### [TRY IT]
Your copy should hold every record exactly and no images.

### [EXTRACTED DATA]
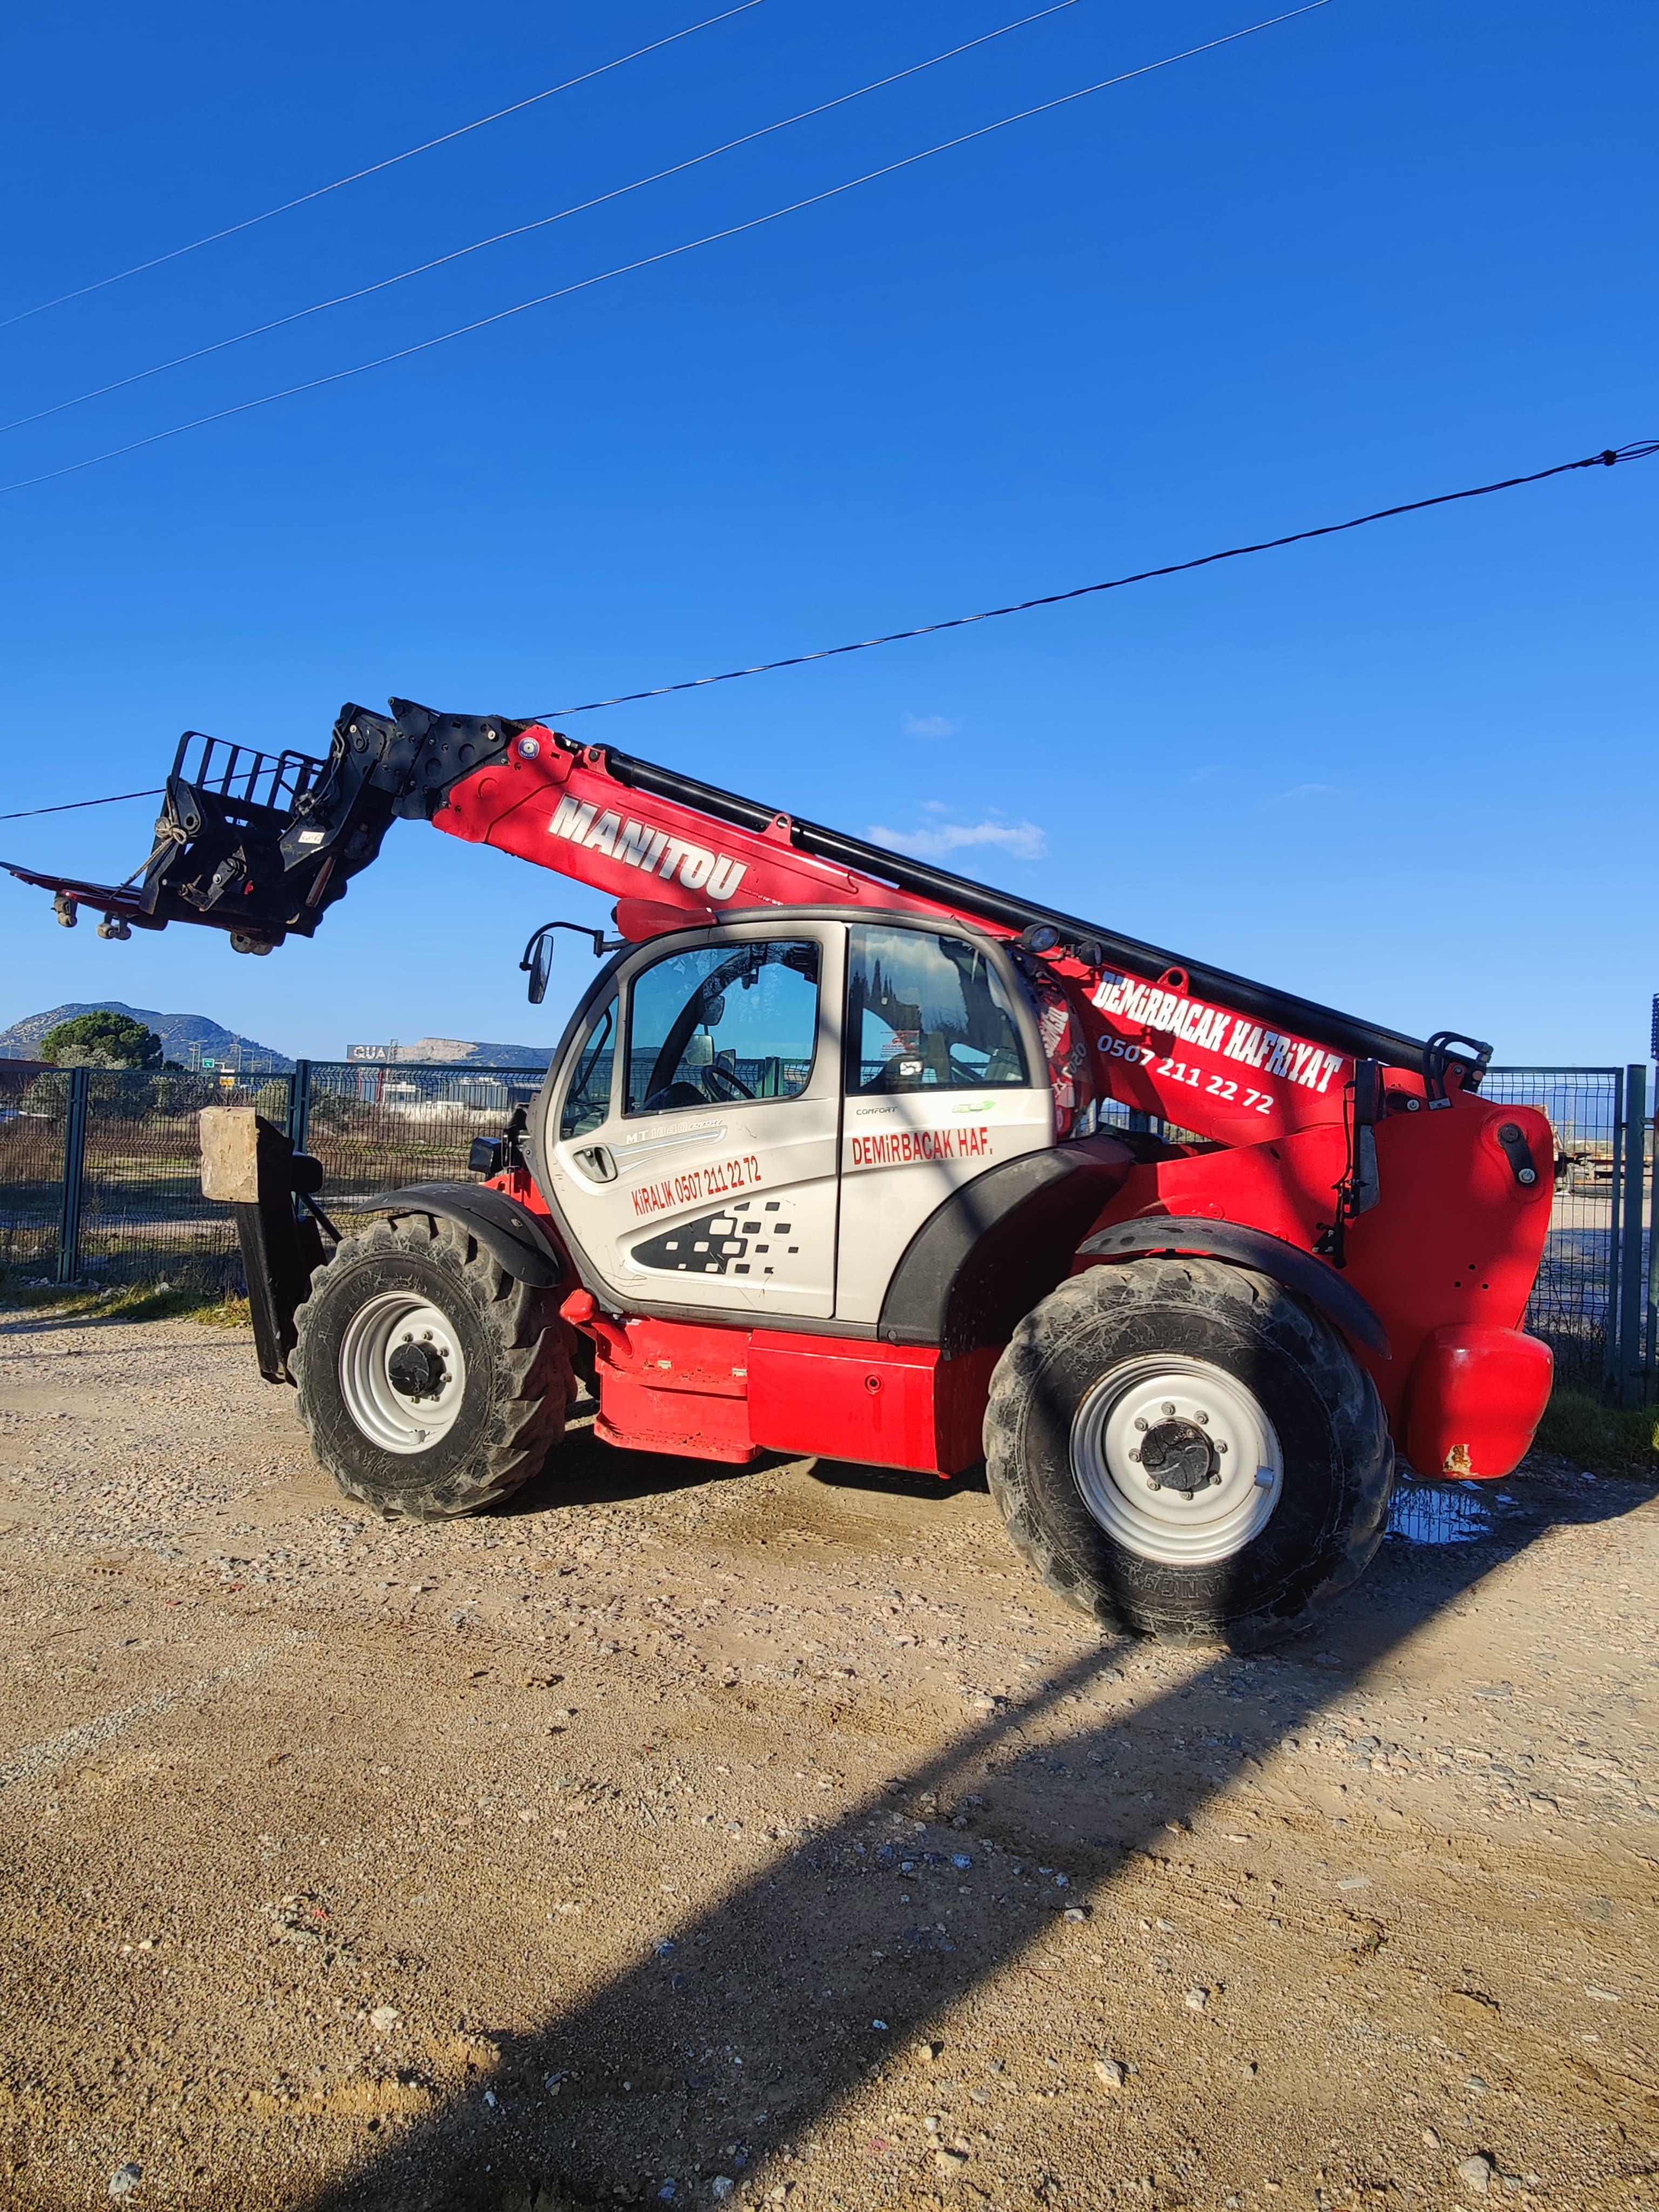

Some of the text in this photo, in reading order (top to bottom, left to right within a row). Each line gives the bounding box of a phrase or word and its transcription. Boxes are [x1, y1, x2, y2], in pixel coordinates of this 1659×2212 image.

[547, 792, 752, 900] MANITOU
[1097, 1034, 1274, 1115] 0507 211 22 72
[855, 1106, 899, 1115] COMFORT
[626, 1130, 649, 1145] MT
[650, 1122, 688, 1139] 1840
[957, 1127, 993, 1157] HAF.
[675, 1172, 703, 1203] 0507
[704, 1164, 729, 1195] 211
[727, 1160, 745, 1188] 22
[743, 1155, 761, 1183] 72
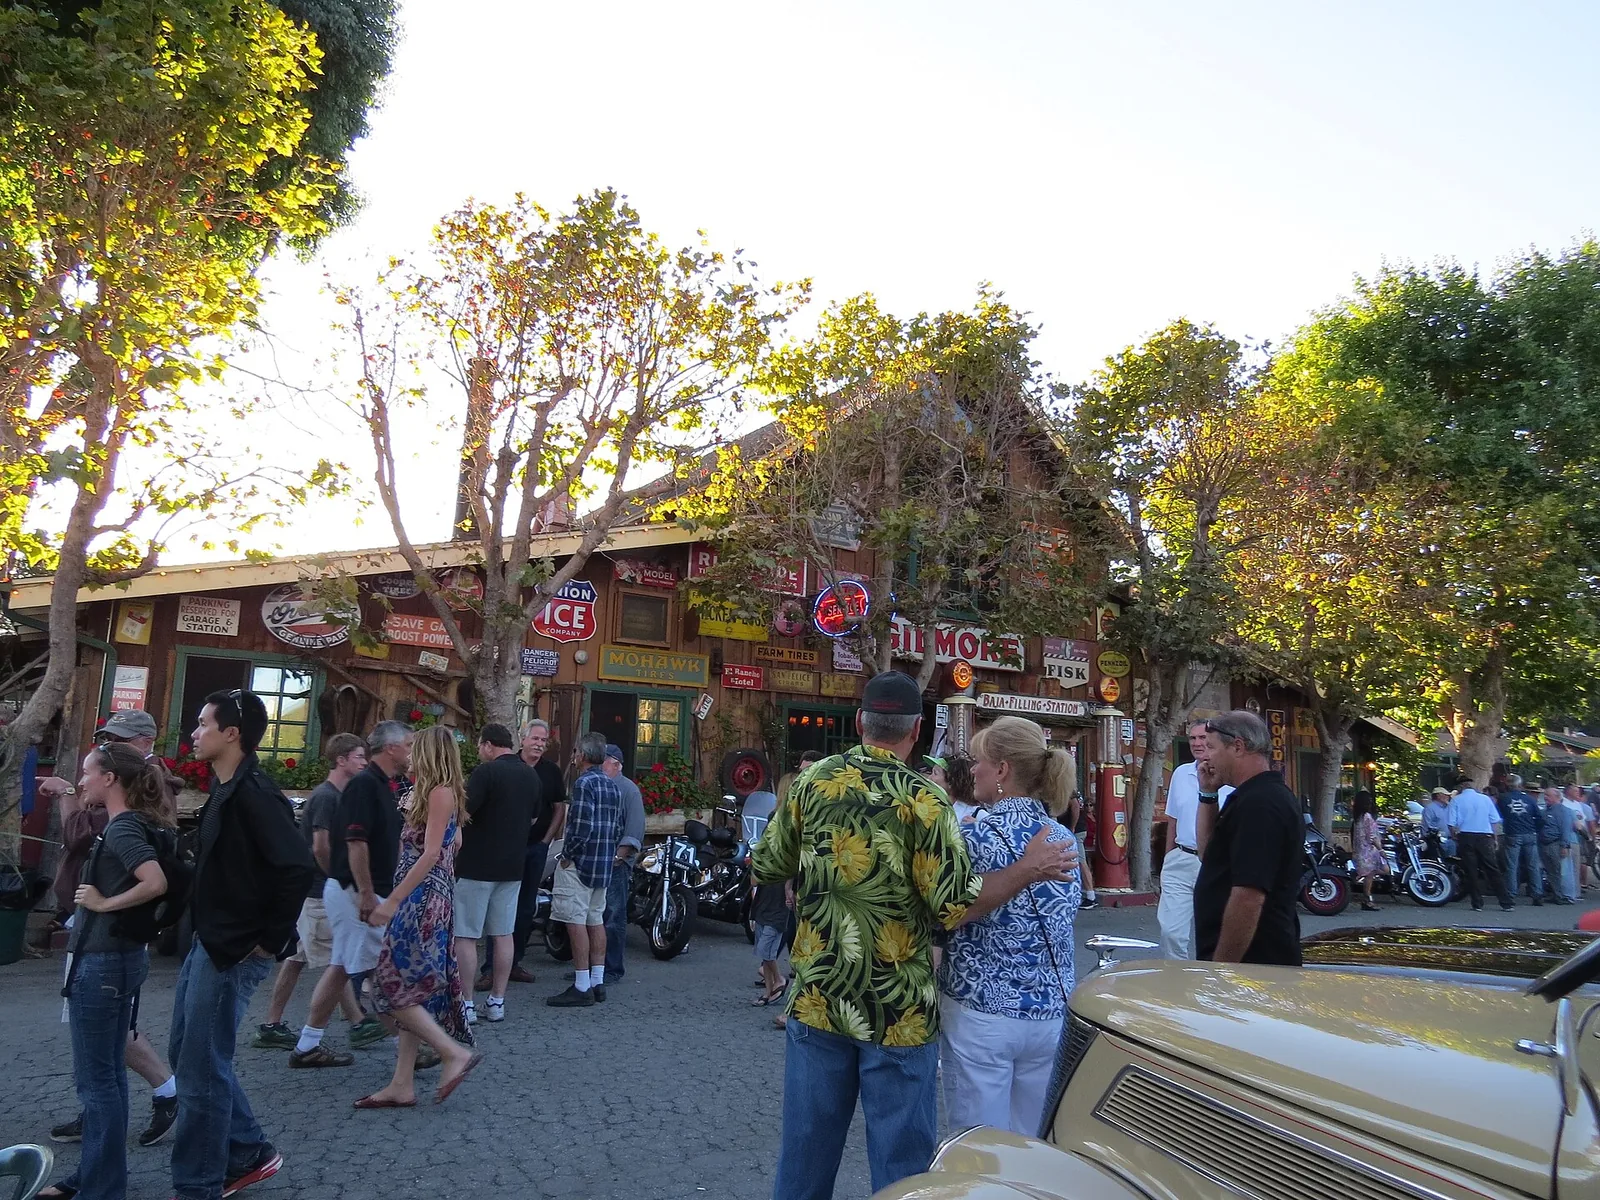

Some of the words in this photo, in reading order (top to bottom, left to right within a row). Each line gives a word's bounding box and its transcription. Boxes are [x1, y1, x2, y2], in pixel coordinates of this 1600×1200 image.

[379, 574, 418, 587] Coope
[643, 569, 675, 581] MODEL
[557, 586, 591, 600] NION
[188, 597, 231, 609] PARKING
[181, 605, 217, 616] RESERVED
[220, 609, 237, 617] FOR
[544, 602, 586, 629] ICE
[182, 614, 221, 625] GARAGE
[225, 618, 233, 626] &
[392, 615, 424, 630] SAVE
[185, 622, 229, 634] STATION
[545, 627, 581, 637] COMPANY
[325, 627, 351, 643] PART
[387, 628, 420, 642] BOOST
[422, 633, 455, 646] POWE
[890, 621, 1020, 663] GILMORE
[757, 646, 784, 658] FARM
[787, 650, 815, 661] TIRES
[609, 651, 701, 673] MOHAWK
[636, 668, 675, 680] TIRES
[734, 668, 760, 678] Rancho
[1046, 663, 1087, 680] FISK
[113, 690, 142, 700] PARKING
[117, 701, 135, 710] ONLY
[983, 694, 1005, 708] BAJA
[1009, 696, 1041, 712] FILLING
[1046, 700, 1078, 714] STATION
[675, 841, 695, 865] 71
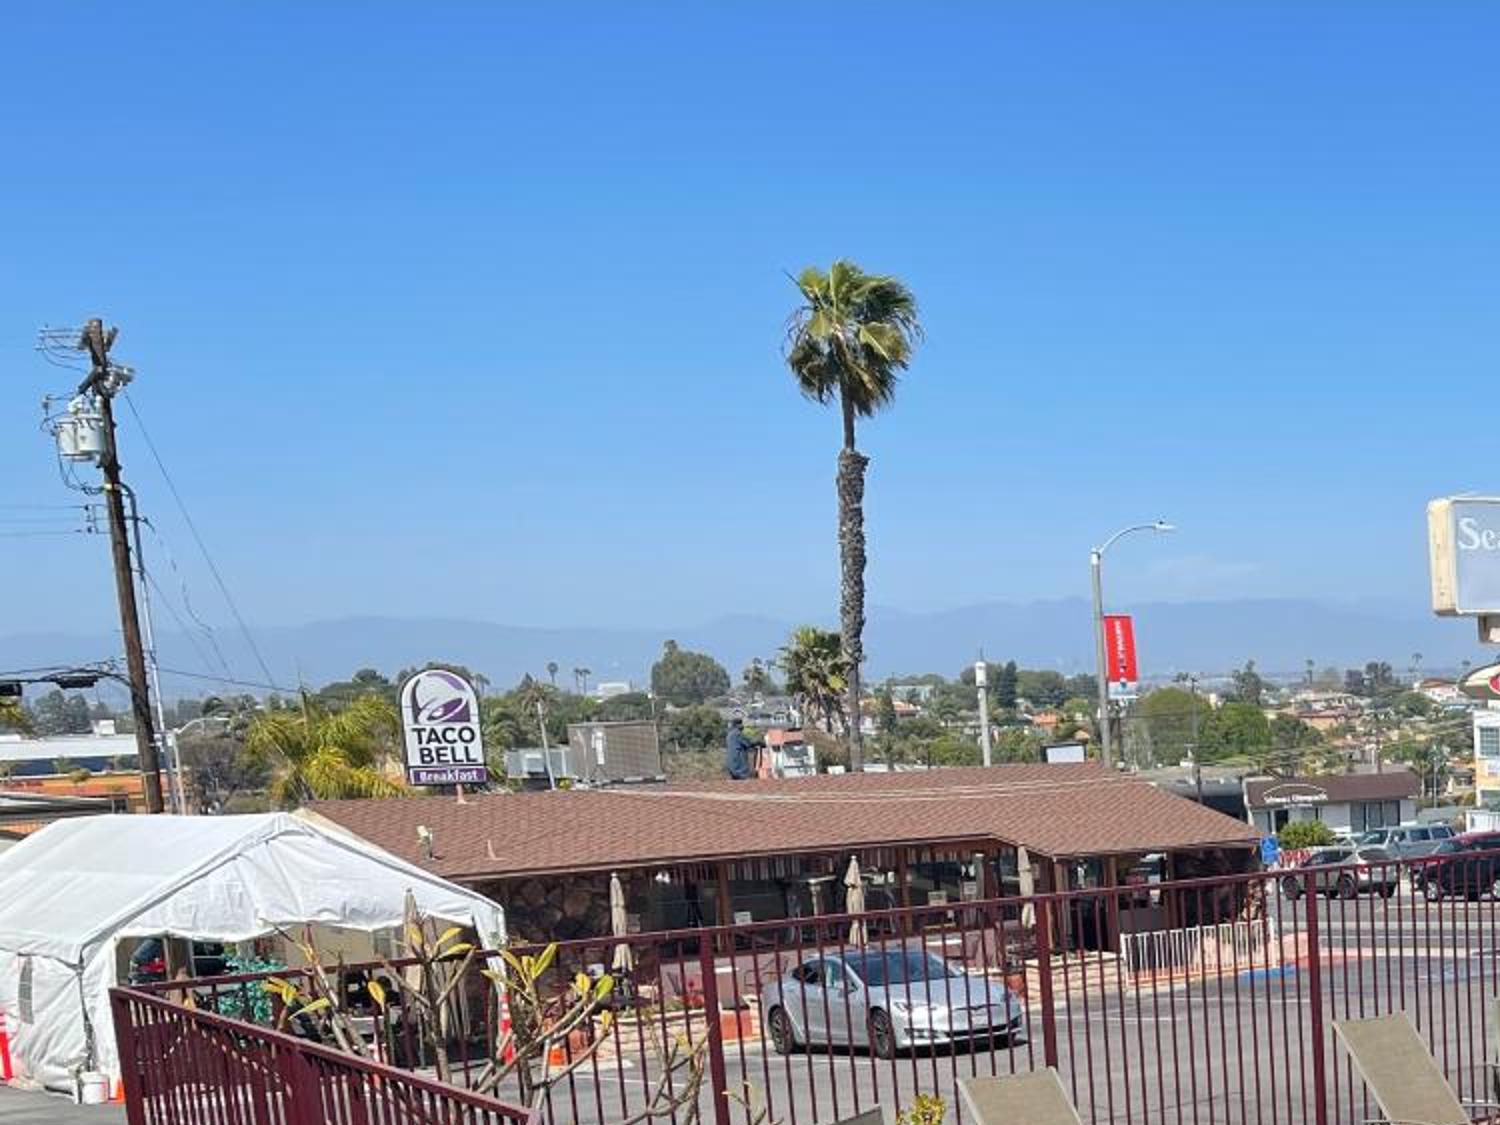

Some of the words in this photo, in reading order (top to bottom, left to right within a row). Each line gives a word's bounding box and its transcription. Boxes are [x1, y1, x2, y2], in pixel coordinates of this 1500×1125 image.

### [RESPONSE]
Some of the text in this photo, in reading order (top to bottom, left to right within a row). Each line gives the bounding box of a phrase or word and its transcription. Boxes are [x1, y1, x2, y2], in pixel coordinates of this 1659×2212 image.

[547, 792, 752, 900] MANITOU
[1097, 1034, 1274, 1115] 0507 211 22 72
[855, 1106, 899, 1115] COMFORT
[626, 1130, 649, 1145] MT
[650, 1122, 688, 1139] 1840
[957, 1127, 993, 1157] HAF.
[675, 1172, 703, 1203] 0507
[704, 1164, 729, 1195] 211
[727, 1160, 745, 1188] 22
[743, 1155, 761, 1183] 72

Some of the words in this photo, in reading order (top to bottom, left to right within a row). Each line gives a word's bounding box and its transcription. Boxes are [x1, y1, x2, y2], in pixel coordinates of this 1600×1200 image.

[379, 574, 418, 587] Coope
[643, 569, 675, 581] MODEL
[557, 586, 591, 600] NION
[188, 597, 231, 609] PARKING
[181, 605, 217, 616] RESERVED
[220, 609, 237, 617] FOR
[544, 602, 586, 629] ICE
[182, 614, 221, 625] GARAGE
[225, 618, 233, 626] &
[392, 615, 424, 630] SAVE
[185, 622, 229, 634] STATION
[545, 627, 581, 637] COMPANY
[325, 627, 351, 643] PART
[387, 628, 420, 642] BOOST
[422, 633, 455, 646] POWE
[890, 621, 1020, 663] GILMORE
[757, 646, 784, 658] FARM
[787, 650, 815, 661] TIRES
[609, 651, 701, 673] MOHAWK
[636, 668, 675, 680] TIRES
[734, 668, 760, 678] Rancho
[1046, 663, 1087, 680] FISK
[113, 690, 142, 700] PARKING
[117, 701, 135, 710] ONLY
[983, 694, 1005, 708] BAJA
[1009, 696, 1041, 712] FILLING
[1046, 700, 1078, 714] STATION
[675, 841, 695, 865] 71

Some of the words in this photo, in reading order (top to bottom, left to right within a row). Each line gives a word's bounding box and its transcription. Boxes are [x1, y1, x2, y2], in pixel coordinates of this 1500×1125 image.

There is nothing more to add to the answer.